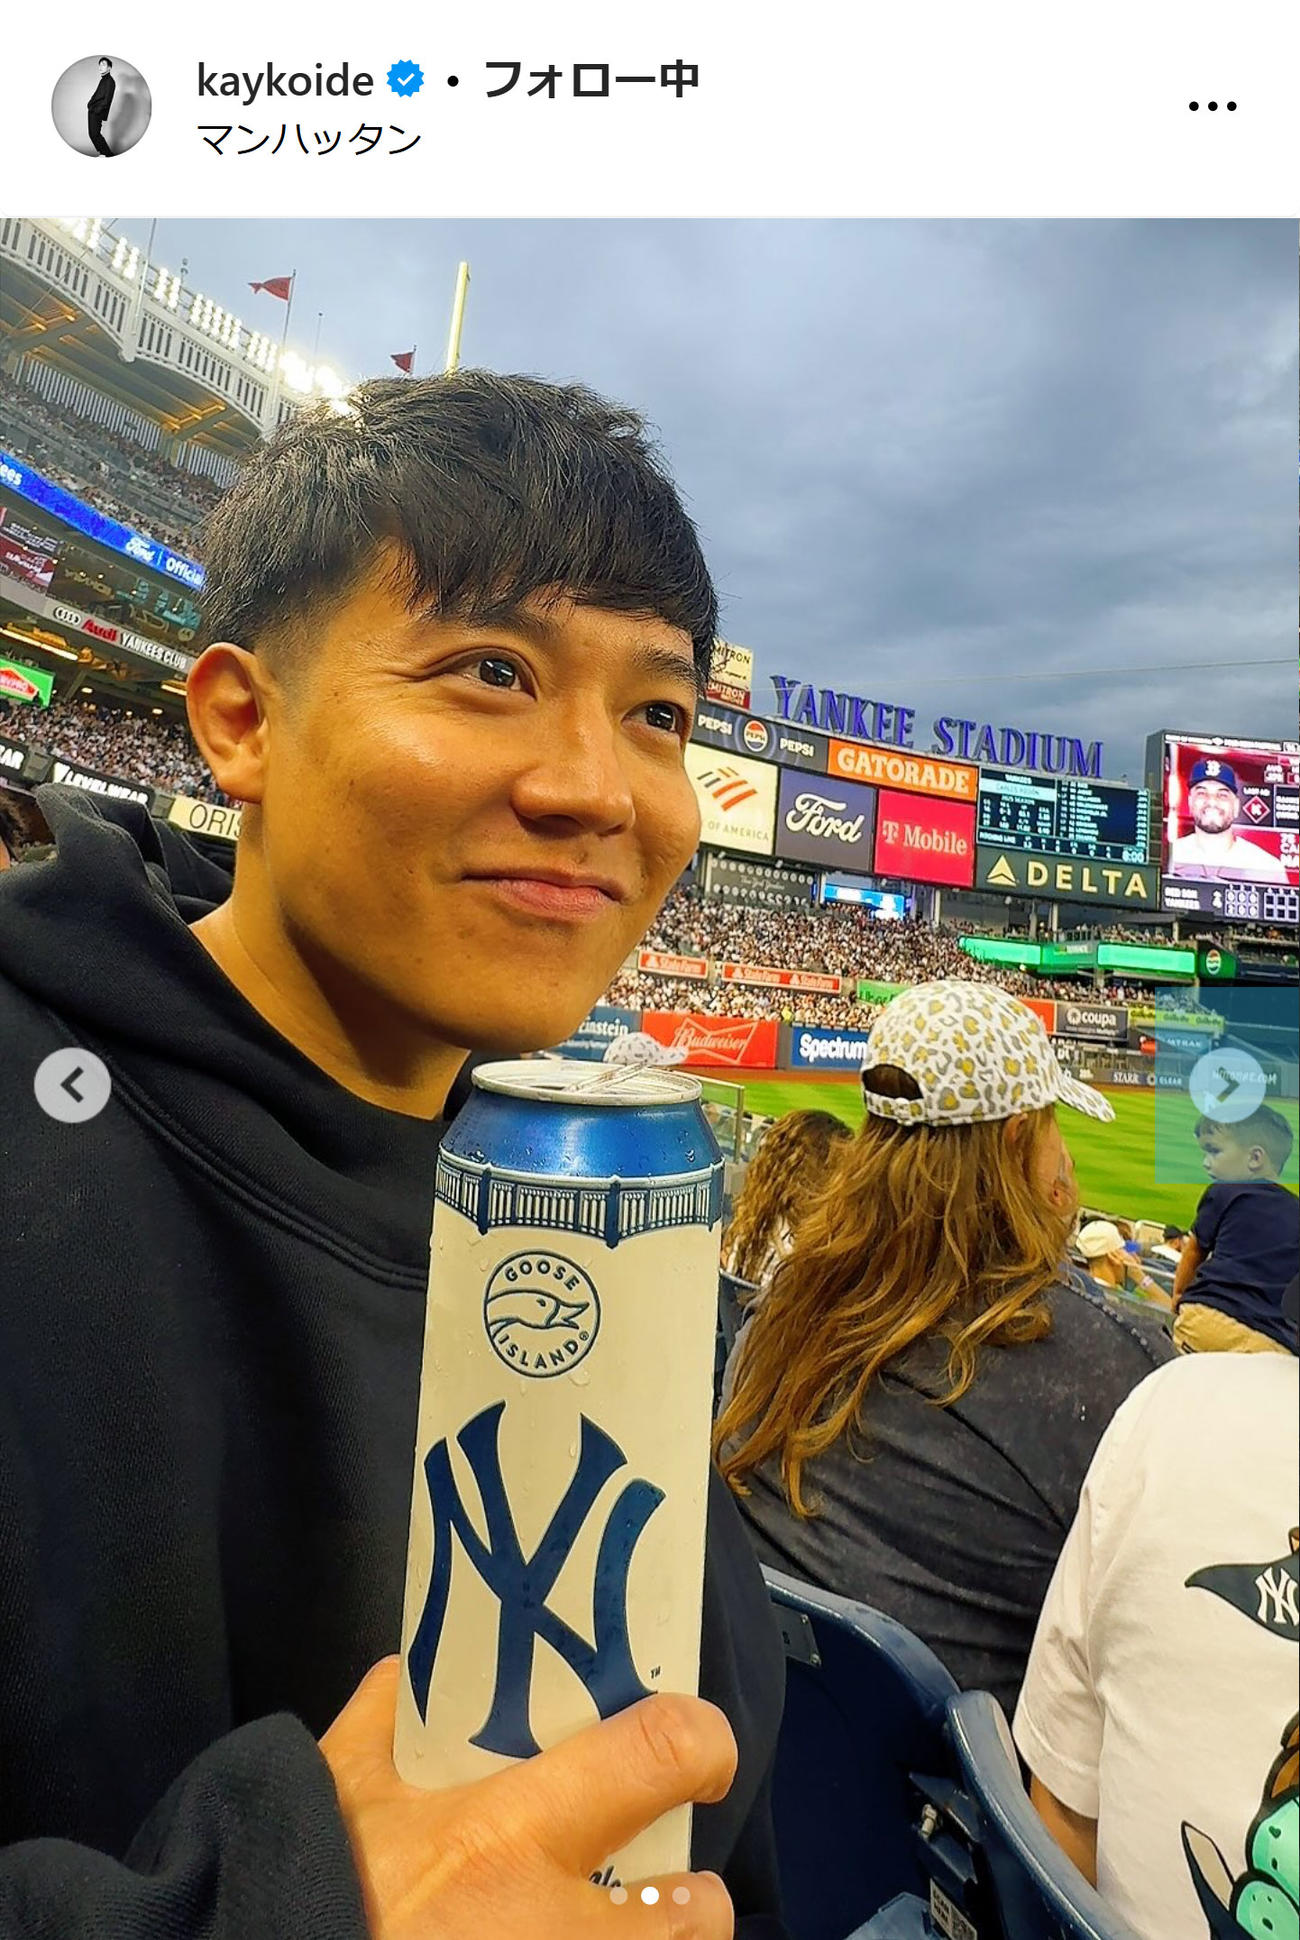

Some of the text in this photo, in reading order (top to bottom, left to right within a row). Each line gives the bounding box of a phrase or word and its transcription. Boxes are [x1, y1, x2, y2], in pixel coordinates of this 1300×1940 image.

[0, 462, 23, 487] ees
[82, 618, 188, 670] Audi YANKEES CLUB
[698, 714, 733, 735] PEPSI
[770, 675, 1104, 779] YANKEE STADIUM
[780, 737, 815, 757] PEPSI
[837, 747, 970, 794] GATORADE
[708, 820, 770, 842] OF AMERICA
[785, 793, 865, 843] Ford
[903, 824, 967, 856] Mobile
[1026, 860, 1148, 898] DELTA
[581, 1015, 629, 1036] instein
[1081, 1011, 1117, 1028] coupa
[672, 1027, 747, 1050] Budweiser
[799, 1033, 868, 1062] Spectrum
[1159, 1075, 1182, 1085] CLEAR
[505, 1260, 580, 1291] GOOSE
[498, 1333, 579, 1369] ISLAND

* [About this task]: For this exercise, write the listing out again exactly, excluding all images.

* [Reply to the task]:
Some of the text in this photo, in reading order (top to bottom, left to right within a row). Each line gives the bounding box of a phrase or word and its transcription. Boxes are [x1, y1, x2, y2], in pixel coordinates of this 1300×1940 image.

[0, 462, 23, 487] ees
[82, 618, 188, 670] Audi YANKEES CLUB
[698, 714, 733, 735] PEPSI
[770, 675, 1104, 779] YANKEE STADIUM
[780, 737, 815, 757] PEPSI
[837, 747, 970, 794] GATORADE
[708, 820, 770, 842] OF AMERICA
[785, 793, 865, 843] Ford
[903, 824, 967, 856] Mobile
[1026, 860, 1148, 898] DELTA
[581, 1015, 629, 1036] instein
[1081, 1011, 1117, 1028] coupa
[672, 1027, 747, 1050] Budweiser
[799, 1033, 868, 1062] Spectrum
[1159, 1075, 1182, 1085] CLEAR
[505, 1260, 580, 1291] GOOSE
[498, 1333, 579, 1369] ISLAND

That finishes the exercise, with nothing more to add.